Cette même année 1882 voit une institution dédiée aux sourds-muets ouvrir ses portes à Villeurbanne, lorsqu’un citoyen suisse nommé Jacob Hugentobler (1844-1924) achète un beau domaine aux Maisons-Neuves, à l’emplacement de l’actuel “terrain du rectorat”. Après avoir enseigné dans plusieurs écoles de Zurich et de Genève, Hugentobler a été appelé à Lyon dix ans auparavant par un homme fortuné, M. de Monteynard, pour qu’il apprenne à parler à ses deux filles sourdes et muettes. Il applique en effet une méthode révolutionnaire pour l’époque. Au lieu d’utiliser la langue des signes ou les mimiques disgracieuses pour que les sourds-muets puissent s’exprimer, Hugentobler leur enseigne à lire sur les lèvres pour comprendre leurs interlocuteurs, puis, le plus difficile, à parler. Le chemin est long qui mène aux premiers mots, car il implique de maîtriser le souffle de la respiration, de comprendre l’articulation des sons puis de les reproduire par la bouche, la langue et les vibrations du palais. Les bases étant acquises, les pensionnaires progressent d’une manière prodigieuse : « Le plus ancien des élèves, ayant 7 ans d’études, nous a montré que l’intelligence des sourds-muets n’était en rien inférieure à celle des élèves possédant toutes leurs facultés », raconte abasourdi le bibliothécaire en chef de la ville de Lyon. « A la demande faite par un membre de l’assistance : la diagonale d’un carré étant de 15 mètres, quelle est sa surface ? L’élève a promptement répondu 112,5 mètres » !

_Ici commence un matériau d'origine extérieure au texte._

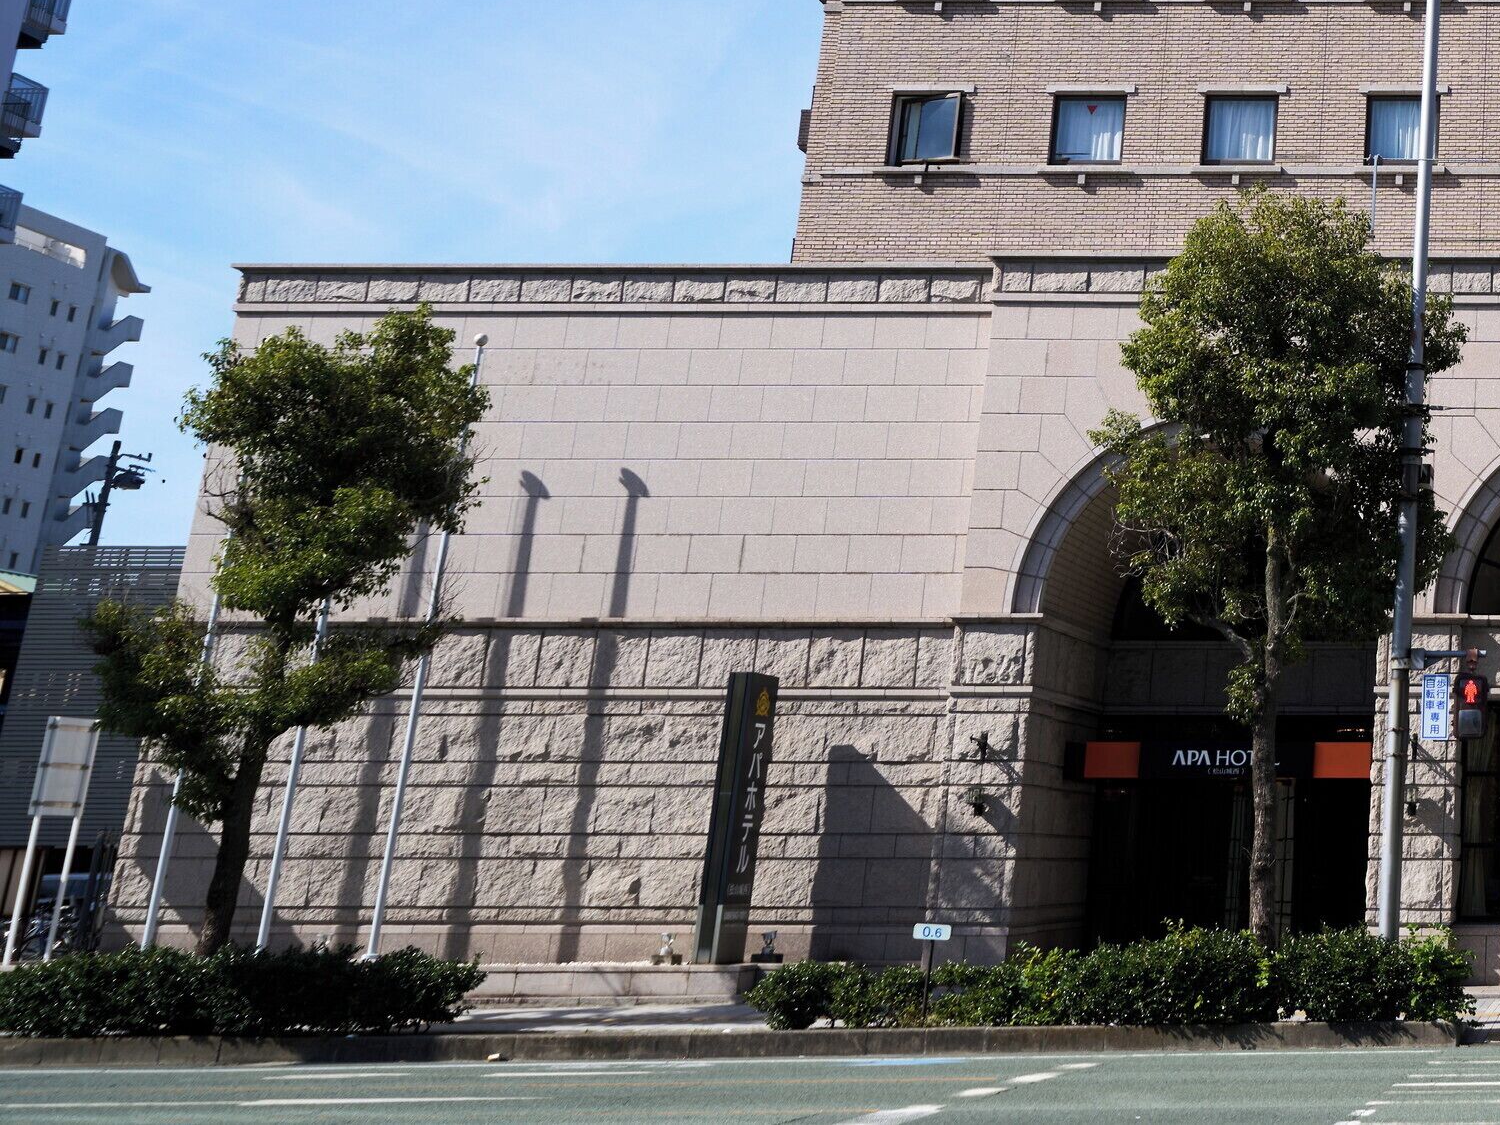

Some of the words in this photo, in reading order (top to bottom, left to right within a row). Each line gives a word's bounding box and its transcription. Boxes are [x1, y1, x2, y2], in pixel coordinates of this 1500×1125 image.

Forte de ses résultats, l’école Hugentobler doit sans cesse s’agrandir. En 1890, après la fermeture du pensionnat des demoiselles Frachon, mal tenu depuis le décès de leurs fondatrices, elle se double d’une section vouée aux aveugles. Puis elle ouvre en 1904 et en 1912 de nouvelles classes, des dortoirs, et des ateliers où les élèves apprennent les métiers de rempailleur de chaises, vannier, fabricant de brosses ou masseur-kinésithérapeute. Les pensionnaires eux, passent de 80 en 1891 à 143 en 1907. L’argent des Hugentobler ne suffit plus à faire tourner la grande institution qu’elle est devenue – l’une des quatre seules existant en France, avec celles de Paris et de Lille. Malgré les bourses accordées aux élèves, les subventions du Conseil général, les aides de la ville de Lyon, les legs des Lyonnais et des Villeurbannais, les dépenses restent supérieures aux recettes. Un grand pas est franchi en juillet 1914, lorsque le président de la République délivre un décret d’utilité publique à l’école. Un an plus tard, la ville de Lyon achète une première partie des locaux puis une seconde en 1921, municipalisant ainsi l’association de droit privée qu’était encore l’institution, rebaptisée école Gallieni en 1916. À la fin du XXe siècle, ses effectifs atteignant 240 élèves, l’école déménage pour de nouveaux locaux, inaugurés en 1984 au 32 rue de France. À cet endroit, la Cité scolaire René-Pellet pour déficients visuels perpétue toujours l’œuvre des demoiselles Frachon et de Jacob Hugentobler.